Of note, the draft guidance also addresses post-approval benefit-risk considerations, which are important to sponsors in terms of capturing dynamic, evolving information post-launch, such as with exposed populations commercially having features which may differ in demographics and concurrent medications when compared to the more limited criteria in clinical trial enrollment. Such conditions may often focus on safety findings and thus balanced benefit risk reassessments are vital in preserving fair representation of all safety and efficacy data.

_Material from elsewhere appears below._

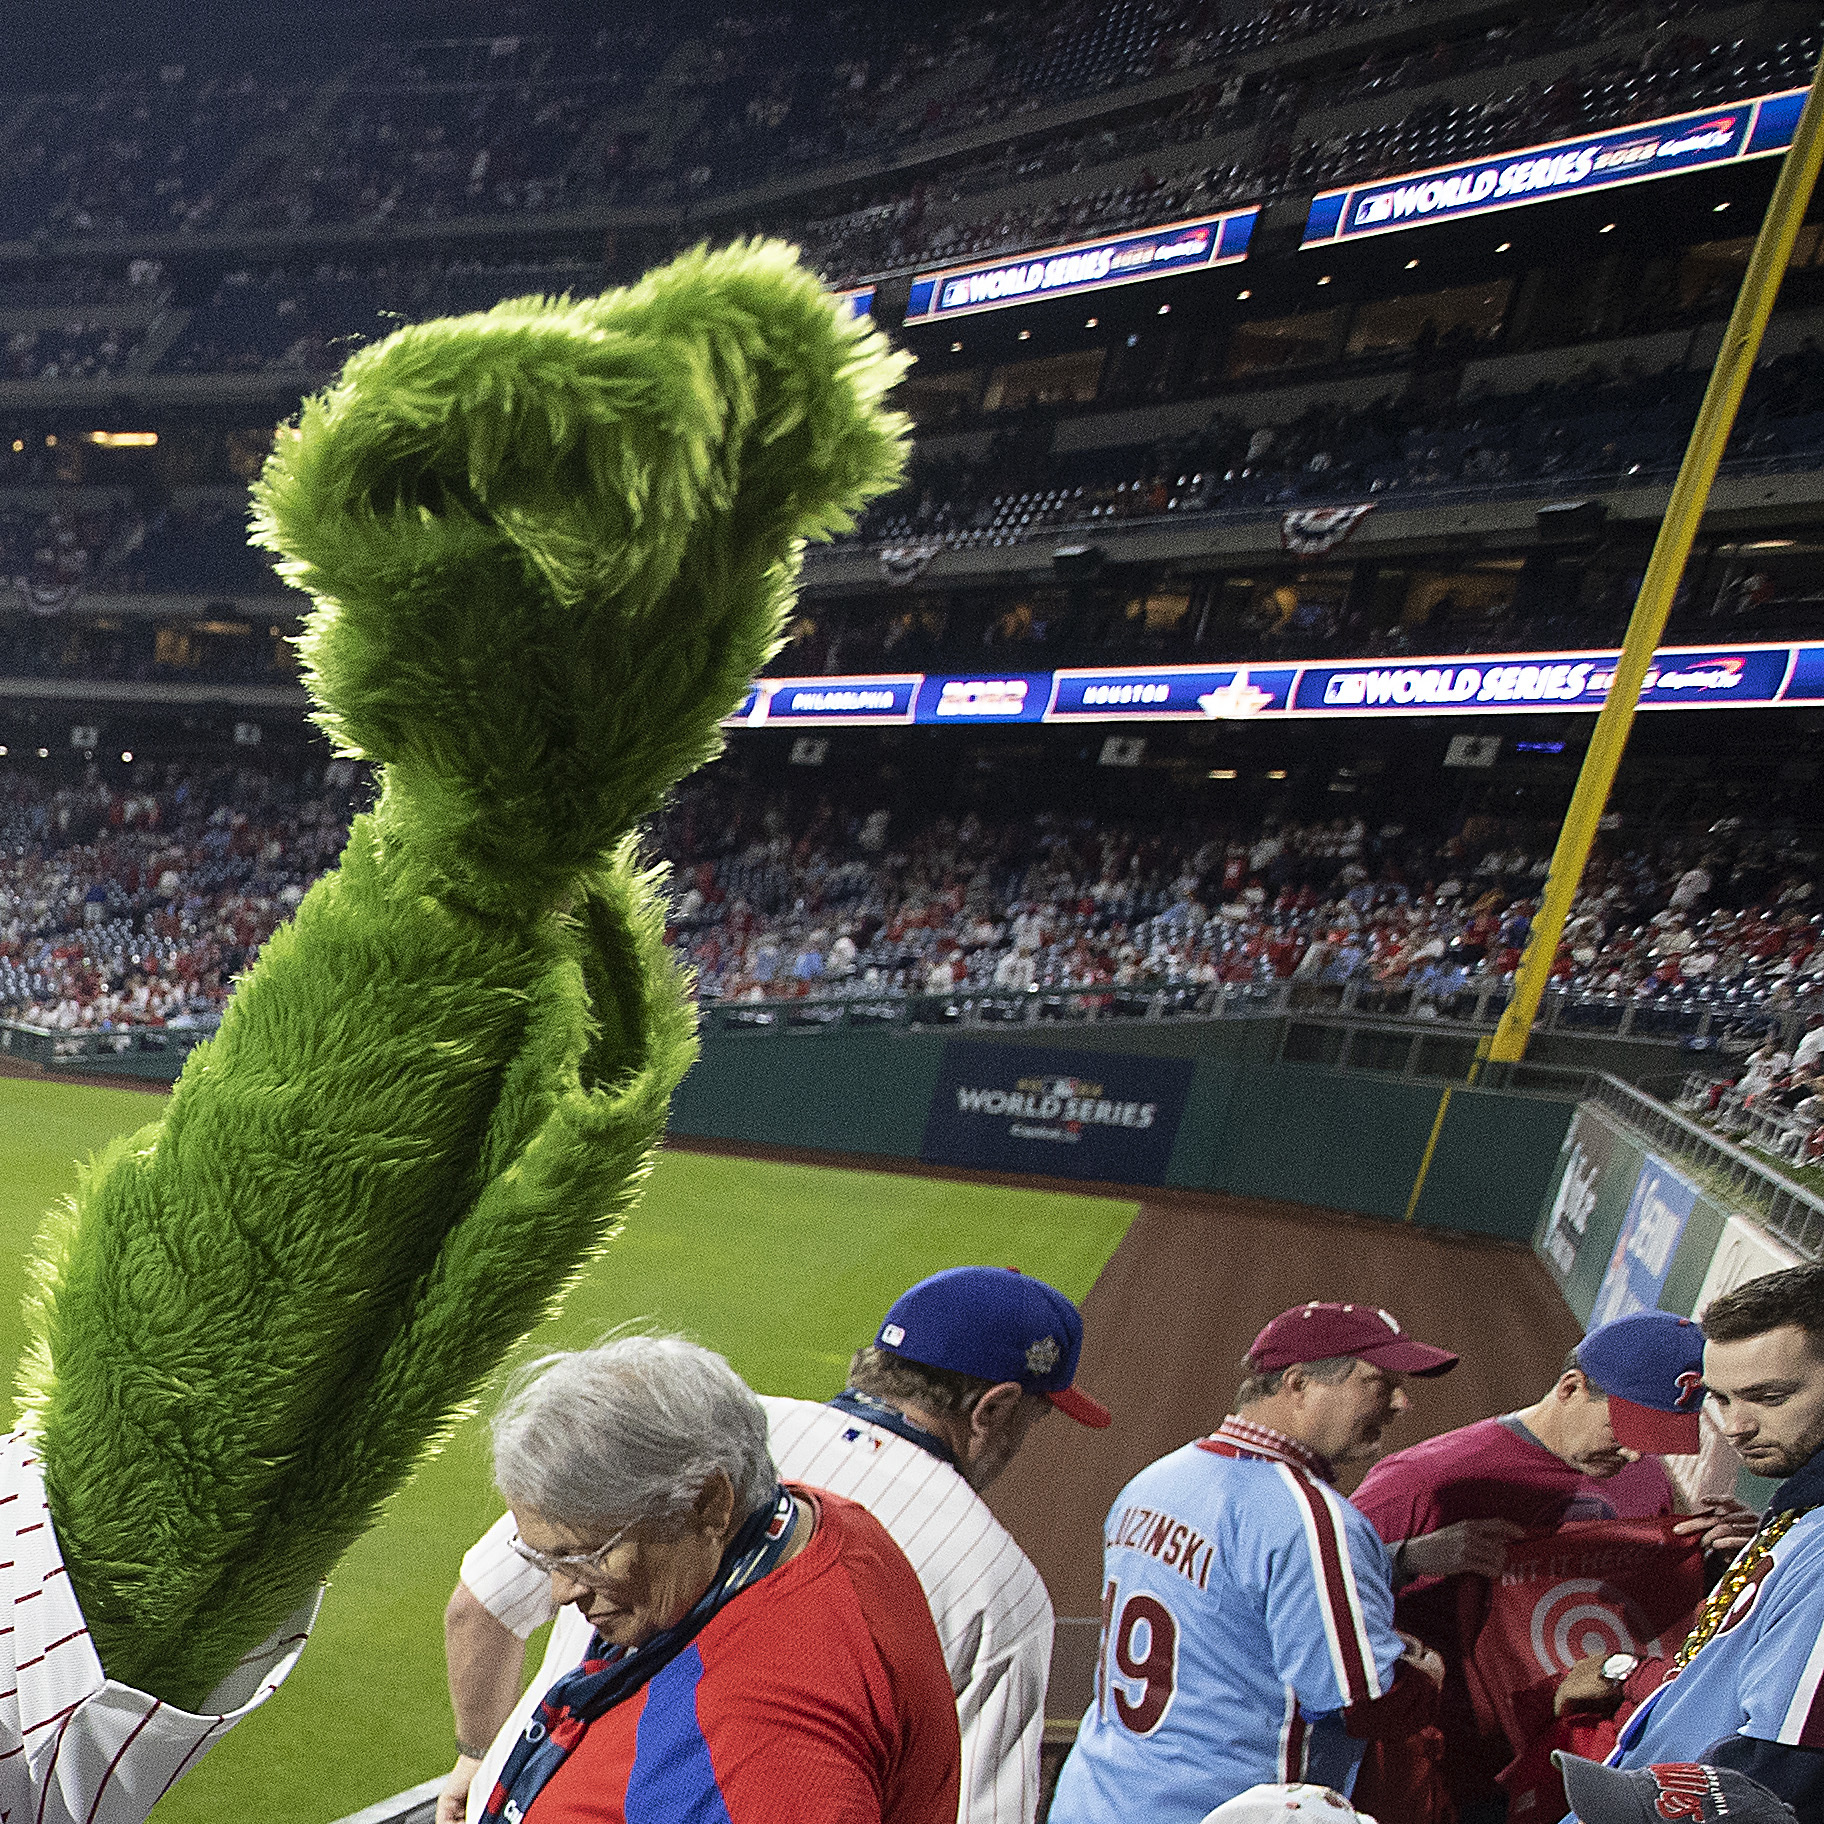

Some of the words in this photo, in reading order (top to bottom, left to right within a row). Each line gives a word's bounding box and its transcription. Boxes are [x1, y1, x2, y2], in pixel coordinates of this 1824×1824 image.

This draft guidance, especially the content on patient experience data and the critical role it plays in a drug development program, dovetails with the patient-focused drug development (PFDD) guidance series the FDA has been developing as another requirement under PDUFA VI and the 21st Century Cures Act. Comments on the draft guidance are due November 30 and can be submitted via the public docket.
This draft guidance document is an important step in increasing transparency of the FDA’s decision-making processes. It gives sponsors, patient advocacy organizations and other stakeholders a view into how the FDA is using the relatively new benefit-risk assessment process and raises helpful points for considering benefits and risks in a drug development program.